St. Johns Ferry Is Resuming Its Historic Role

Officials greet car number 1,000,000 to cross on the ferry

By Lauri deGaris

The St. Johns River Ferry will resume operations this week after four months of routine maintenance and completion of improvements, according to the Jacksonville Transportation Authority.

For more than 70 years the ferry has shuttled back and forth across the St. Johns River between Mayport Village and Ft. George Island, carrying passengers and cars. It is the last state-owned ferry in Florida.

The ferry was put in operation as part of the Buccaneer Trail in 1950. Seventeen miles of highway with five concrete bridges, one with a draw span and ferry slips were designed as Florida’s newest seashore highway. The Buccaneer Trail idea was hatched by local civic planners in 1946. They made a plan for the route, financing, and construction then turned it over to the Ocean Highway and Port Authority in Fernandina Beach. The Buccaneer Trail toll project was born.

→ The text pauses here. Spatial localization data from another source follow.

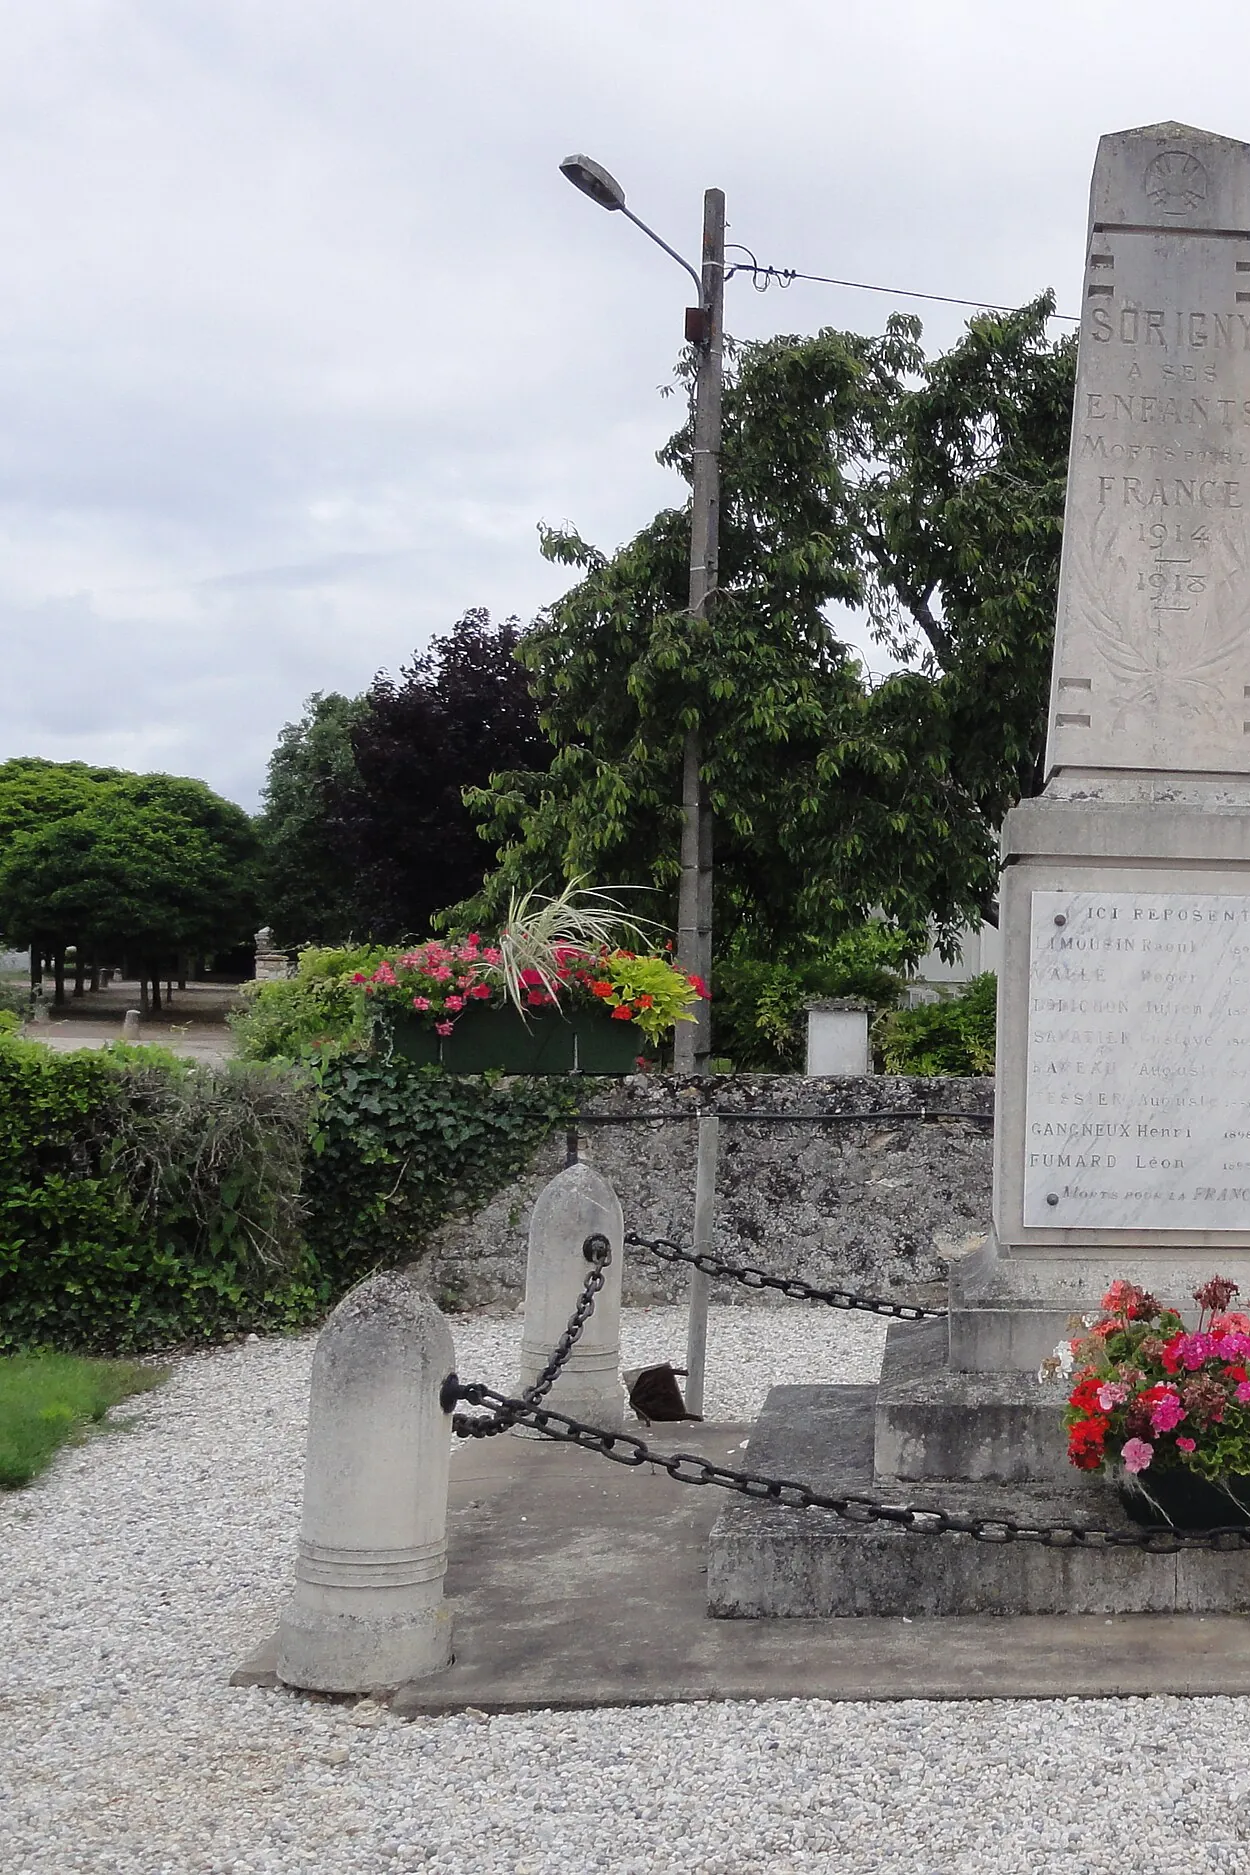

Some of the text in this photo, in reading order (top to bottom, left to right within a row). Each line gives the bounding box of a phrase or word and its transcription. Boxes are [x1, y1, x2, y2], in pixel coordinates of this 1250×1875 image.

[1162, 363, 1218, 383] SES
[1098, 476, 1244, 509] FRANCE
[1137, 523, 1212, 550] 1914
[1136, 572, 1208, 600] 1918
[1087, 907, 1250, 922] ICI REPOSENT
[1035, 936, 1135, 951] LIMOUSIN
[1137, 1123, 1192, 1138] Henri
[1029, 1153, 1117, 1168] FUMARD
[1136, 1154, 1185, 1169] Léon
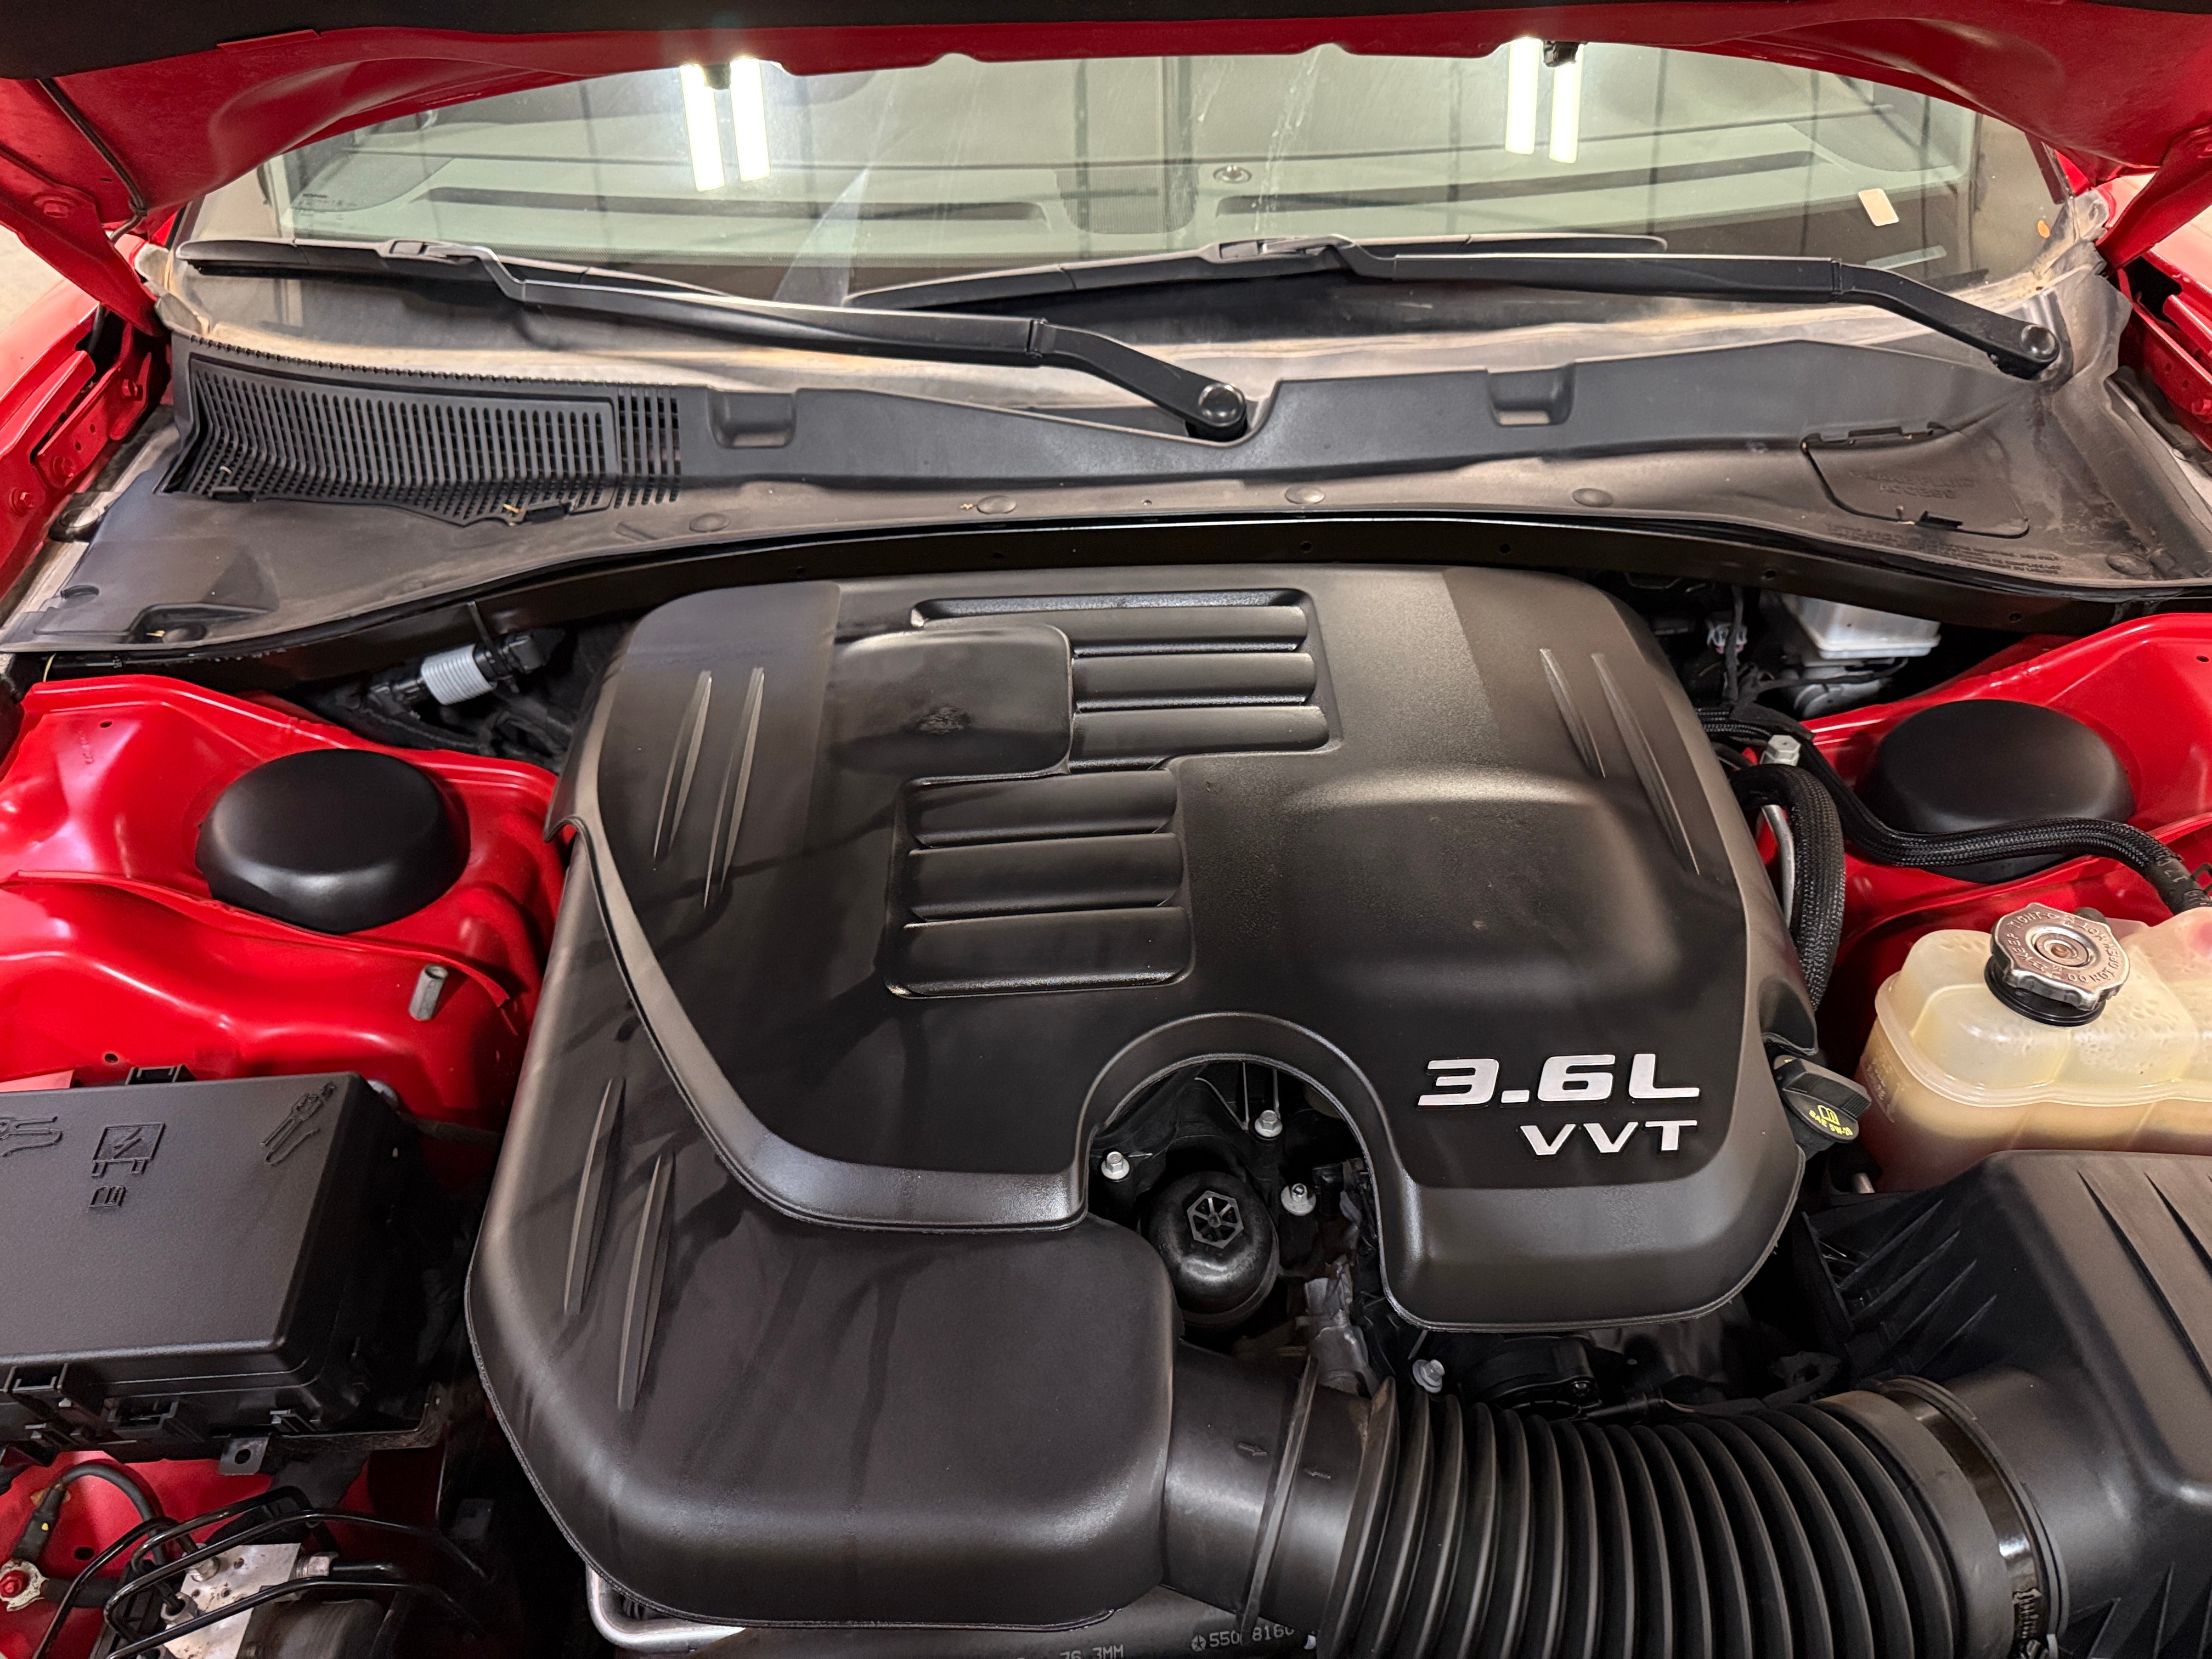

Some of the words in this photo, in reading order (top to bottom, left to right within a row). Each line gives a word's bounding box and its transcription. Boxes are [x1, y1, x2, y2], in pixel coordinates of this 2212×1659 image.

[2006, 933, 2029, 961] KEEP
[2066, 973, 2088, 984] DO
[2089, 969, 2115, 983] NOT
[1417, 1053, 1701, 1107] 3.6L
[1809, 1110, 1827, 1127] SAE
[1520, 1120, 1698, 1156] VVT

Financing for the project was secured by the sale of $4,600,000 worth of toll revenue bonds. By 1951, a deficit in construction and operating costs for the Buccaneer Trail caused the State Road Department to take over the project.

State officials believed beautiful beaches and historic attractions along the Buccaneer Trail would bring increased traffic in time. A new state park was planned on Little Talbot Island by the State Parks Board. Officials recalled that other toll roads built in the state had started with deficits but later cleared themselves of their debts. They planned for a similar experience with State Road 105, the Buccaneer Trail.

A campaign marketing the Buccaneer Trail to motorists was created. Photographs of the many historical and scenic sights along the Buccaneer Trail were commissioned. Magazines and newspapers published articles encouraging motorists to bypass Jacksonville traffic and take the new seashore scenic and historic route along the Buccaneer Trail.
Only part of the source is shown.